## Exercise goal
Below is the data. Give it again, complete and exact.

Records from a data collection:
BEGIN

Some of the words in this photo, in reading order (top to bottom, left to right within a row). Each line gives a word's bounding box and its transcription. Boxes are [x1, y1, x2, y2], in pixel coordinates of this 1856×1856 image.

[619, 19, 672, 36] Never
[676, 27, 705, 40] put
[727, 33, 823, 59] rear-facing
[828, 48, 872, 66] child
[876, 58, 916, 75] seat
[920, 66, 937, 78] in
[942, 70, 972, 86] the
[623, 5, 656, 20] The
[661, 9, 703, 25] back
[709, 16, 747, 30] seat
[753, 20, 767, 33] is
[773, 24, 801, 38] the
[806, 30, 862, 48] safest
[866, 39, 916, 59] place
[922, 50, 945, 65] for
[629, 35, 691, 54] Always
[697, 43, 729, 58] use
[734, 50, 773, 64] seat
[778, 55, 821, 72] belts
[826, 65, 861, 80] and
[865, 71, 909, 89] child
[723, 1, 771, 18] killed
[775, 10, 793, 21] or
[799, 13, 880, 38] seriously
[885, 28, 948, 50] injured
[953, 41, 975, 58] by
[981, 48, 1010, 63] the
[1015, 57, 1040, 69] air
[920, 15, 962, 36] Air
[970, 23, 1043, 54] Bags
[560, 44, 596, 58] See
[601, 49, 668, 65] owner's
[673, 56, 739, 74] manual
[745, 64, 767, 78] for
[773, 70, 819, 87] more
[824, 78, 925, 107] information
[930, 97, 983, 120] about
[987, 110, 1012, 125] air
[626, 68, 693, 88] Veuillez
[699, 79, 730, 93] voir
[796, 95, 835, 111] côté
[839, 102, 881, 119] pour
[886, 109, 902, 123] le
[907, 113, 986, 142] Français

END

## Task result
Some of the words in this photo, in reading order (top to bottom, left to right within a row). Each line gives a word's bounding box and its transcription. Boxes are [x1, y1, x2, y2], in pixel coordinates of this 1856×1856 image.

[619, 19, 672, 36] Never
[676, 27, 705, 40] put
[727, 33, 823, 59] rear-facing
[828, 48, 872, 66] child
[876, 58, 916, 75] seat
[920, 66, 937, 78] in
[942, 70, 972, 86] the
[623, 5, 656, 20] The
[661, 9, 703, 25] back
[709, 16, 747, 30] seat
[753, 20, 767, 33] is
[773, 24, 801, 38] the
[806, 30, 862, 48] safest
[866, 39, 916, 59] place
[922, 50, 945, 65] for
[629, 35, 691, 54] Always
[697, 43, 729, 58] use
[734, 50, 773, 64] seat
[778, 55, 821, 72] belts
[826, 65, 861, 80] and
[865, 71, 909, 89] child
[723, 1, 771, 18] killed
[775, 10, 793, 21] or
[799, 13, 880, 38] seriously
[885, 28, 948, 50] injured
[953, 41, 975, 58] by
[981, 48, 1010, 63] the
[1015, 57, 1040, 69] air
[920, 15, 962, 36] Air
[970, 23, 1043, 54] Bags
[560, 44, 596, 58] See
[601, 49, 668, 65] owner's
[673, 56, 739, 74] manual
[745, 64, 767, 78] for
[773, 70, 819, 87] more
[824, 78, 925, 107] information
[930, 97, 983, 120] about
[987, 110, 1012, 125] air
[626, 68, 693, 88] Veuillez
[699, 79, 730, 93] voir
[796, 95, 835, 111] côté
[839, 102, 881, 119] pour
[886, 109, 902, 123] le
[907, 113, 986, 142] Français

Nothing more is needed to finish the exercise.